Welcome to Bullworth
When Jimmy Hopkins had revealed his address to an unstable kleptomaniac with a taste for dangerous driving, he might have been under the influence of the fact that the guy had just given him a hundred bucks. Hey, he'd thought, if he's giving me money, how bad can he be?
Pretty bad, it turned out, but that would be jumping too far ahead in the game. Jimmy first knew something was up while he was eating leftover pizza out of the box, like he would on any normal evening, when he heard his front door open. His front door with like four fucking locks on it that were on at all times.
So he did what any normal person with a minor record of misdemeanour would do, and grabbed a baseball bat and hid behind a lamp. He kept very quiet and listened for the footsteps. Eventually a short guy with curly brown hair shuffled timidly through the doorway, not looking like the typical sort of burglar, but Jimmy jumped screaming through the air at him anyway.
"Ahhh!" the guy yelped as Jimmy lurched out. "Don't hurt me! Don't hurt me!"
"Who are you?! How'd you get in?" he bellowed, but also noticed that the guy wasn't carrying any weapons. In fact he was totally empty-handed.

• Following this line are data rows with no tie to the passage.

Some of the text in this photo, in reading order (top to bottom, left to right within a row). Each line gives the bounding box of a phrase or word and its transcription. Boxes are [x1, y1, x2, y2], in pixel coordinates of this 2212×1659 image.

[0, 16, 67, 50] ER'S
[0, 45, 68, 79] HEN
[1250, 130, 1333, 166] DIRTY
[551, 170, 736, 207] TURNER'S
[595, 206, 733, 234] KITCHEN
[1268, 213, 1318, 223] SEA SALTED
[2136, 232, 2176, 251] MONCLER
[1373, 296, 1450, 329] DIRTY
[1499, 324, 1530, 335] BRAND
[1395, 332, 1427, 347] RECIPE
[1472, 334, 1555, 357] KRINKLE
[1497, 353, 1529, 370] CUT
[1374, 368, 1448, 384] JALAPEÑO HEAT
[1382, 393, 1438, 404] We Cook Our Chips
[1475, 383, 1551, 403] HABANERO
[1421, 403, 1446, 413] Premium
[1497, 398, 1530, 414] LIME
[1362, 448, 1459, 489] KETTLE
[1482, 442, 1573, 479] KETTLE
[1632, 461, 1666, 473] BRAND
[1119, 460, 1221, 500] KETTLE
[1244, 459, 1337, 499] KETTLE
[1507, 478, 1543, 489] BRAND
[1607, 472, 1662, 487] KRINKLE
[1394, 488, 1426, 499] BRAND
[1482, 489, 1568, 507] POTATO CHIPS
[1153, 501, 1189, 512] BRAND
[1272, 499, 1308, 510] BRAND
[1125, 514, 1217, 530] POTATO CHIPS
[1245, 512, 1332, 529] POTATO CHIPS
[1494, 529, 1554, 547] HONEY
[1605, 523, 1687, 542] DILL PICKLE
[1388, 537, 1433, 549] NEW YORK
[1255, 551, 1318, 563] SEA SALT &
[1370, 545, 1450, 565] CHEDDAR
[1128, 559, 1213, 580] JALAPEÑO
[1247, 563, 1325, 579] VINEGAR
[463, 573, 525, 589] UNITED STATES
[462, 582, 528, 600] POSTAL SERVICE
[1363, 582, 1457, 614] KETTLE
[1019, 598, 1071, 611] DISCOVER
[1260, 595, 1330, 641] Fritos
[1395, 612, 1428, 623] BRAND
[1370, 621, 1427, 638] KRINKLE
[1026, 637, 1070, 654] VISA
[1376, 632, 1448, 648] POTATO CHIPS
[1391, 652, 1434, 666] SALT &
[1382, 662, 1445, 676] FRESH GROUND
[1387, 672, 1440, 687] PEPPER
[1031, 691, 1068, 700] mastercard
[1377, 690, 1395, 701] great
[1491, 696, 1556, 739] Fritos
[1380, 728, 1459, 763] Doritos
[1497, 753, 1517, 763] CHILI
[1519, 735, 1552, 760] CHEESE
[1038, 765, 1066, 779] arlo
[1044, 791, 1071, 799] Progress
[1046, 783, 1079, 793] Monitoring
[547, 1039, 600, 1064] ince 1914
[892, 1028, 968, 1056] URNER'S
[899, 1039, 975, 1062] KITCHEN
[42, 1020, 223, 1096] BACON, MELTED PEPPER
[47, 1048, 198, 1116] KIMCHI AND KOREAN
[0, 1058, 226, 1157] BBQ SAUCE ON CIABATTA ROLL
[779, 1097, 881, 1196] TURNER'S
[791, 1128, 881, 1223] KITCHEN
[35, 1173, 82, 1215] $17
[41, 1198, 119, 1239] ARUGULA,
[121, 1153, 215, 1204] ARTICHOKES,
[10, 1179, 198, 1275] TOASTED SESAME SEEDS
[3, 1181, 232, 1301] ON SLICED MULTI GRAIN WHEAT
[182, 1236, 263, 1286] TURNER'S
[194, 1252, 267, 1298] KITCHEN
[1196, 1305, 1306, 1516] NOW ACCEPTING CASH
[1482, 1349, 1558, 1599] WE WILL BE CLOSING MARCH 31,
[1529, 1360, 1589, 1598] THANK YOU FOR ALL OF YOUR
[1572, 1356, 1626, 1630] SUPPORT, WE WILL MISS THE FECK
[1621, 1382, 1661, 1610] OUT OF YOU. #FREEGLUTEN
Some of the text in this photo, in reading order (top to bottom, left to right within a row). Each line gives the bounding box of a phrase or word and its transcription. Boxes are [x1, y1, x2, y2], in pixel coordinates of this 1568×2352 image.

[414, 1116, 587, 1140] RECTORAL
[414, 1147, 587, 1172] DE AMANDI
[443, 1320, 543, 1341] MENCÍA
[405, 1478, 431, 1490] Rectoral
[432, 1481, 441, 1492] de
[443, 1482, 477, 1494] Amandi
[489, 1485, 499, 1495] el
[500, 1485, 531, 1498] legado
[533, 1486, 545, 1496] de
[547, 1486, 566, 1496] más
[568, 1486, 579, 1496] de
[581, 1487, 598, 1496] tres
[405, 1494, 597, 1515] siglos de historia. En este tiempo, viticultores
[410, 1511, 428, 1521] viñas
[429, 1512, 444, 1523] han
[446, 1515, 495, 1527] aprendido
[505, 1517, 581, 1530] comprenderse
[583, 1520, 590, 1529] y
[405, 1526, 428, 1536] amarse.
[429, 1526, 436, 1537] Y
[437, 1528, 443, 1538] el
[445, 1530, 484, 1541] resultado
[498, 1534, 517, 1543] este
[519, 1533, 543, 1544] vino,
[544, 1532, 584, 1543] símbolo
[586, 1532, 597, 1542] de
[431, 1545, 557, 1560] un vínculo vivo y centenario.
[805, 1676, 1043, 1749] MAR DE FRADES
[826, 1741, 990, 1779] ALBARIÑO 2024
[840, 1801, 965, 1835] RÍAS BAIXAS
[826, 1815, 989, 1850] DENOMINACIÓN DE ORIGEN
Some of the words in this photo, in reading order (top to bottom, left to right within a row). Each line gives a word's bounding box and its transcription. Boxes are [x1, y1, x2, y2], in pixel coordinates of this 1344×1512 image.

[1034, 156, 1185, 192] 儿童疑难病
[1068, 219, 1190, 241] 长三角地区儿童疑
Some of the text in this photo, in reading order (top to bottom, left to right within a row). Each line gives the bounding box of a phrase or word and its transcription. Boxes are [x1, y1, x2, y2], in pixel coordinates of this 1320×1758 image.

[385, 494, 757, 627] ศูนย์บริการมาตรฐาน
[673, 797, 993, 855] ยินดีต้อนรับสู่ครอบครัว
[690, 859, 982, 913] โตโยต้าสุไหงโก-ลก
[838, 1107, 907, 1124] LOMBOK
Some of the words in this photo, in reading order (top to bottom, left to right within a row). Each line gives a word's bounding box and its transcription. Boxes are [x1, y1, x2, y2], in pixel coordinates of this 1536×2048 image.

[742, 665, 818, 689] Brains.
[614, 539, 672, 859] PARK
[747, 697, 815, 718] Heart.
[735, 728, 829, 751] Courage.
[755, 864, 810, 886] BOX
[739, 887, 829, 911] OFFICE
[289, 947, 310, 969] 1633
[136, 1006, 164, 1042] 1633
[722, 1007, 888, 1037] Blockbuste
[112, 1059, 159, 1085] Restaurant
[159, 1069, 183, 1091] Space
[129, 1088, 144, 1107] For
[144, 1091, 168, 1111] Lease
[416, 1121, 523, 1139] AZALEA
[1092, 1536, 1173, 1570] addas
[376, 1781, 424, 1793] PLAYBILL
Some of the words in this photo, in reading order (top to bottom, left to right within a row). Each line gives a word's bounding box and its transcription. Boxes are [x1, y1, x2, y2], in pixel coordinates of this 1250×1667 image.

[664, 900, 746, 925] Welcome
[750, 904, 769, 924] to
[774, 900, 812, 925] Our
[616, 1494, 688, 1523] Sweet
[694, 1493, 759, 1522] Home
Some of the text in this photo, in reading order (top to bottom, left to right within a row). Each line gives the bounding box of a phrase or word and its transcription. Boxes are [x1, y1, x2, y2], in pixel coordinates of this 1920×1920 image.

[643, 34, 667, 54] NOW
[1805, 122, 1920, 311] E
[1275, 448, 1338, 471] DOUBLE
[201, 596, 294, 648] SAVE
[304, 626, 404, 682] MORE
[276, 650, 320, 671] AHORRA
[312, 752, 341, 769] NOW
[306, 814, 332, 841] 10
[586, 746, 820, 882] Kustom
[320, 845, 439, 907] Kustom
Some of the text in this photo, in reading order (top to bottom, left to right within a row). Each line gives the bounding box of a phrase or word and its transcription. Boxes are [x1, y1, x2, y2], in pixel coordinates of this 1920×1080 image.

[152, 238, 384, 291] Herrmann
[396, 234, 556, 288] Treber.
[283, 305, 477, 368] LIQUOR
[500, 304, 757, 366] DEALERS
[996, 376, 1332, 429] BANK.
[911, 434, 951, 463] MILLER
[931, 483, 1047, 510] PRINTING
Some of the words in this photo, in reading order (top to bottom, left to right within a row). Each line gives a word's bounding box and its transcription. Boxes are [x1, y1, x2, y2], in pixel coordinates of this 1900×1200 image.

"Gary sent me, Gary sent me!" he chattered fearfully.
"Gary Smith?" Jimmy specificed.
"Yeah!" the stranger answered. Now Jimmy realised why Gary had told him his full name.
"Well, how the fuck did you get into my place?" he addressed next.
"I got some keys from him. From Gary, I mean," the guy explained meekly. "He said you'd be expecting me."
"Like fuck I was. Why the hell has he got keys? I didn't give them to him."
"I don't know, he has ways of getting this stuff," the guy explained. "Don't get mad, I'm sorry. I didn't know."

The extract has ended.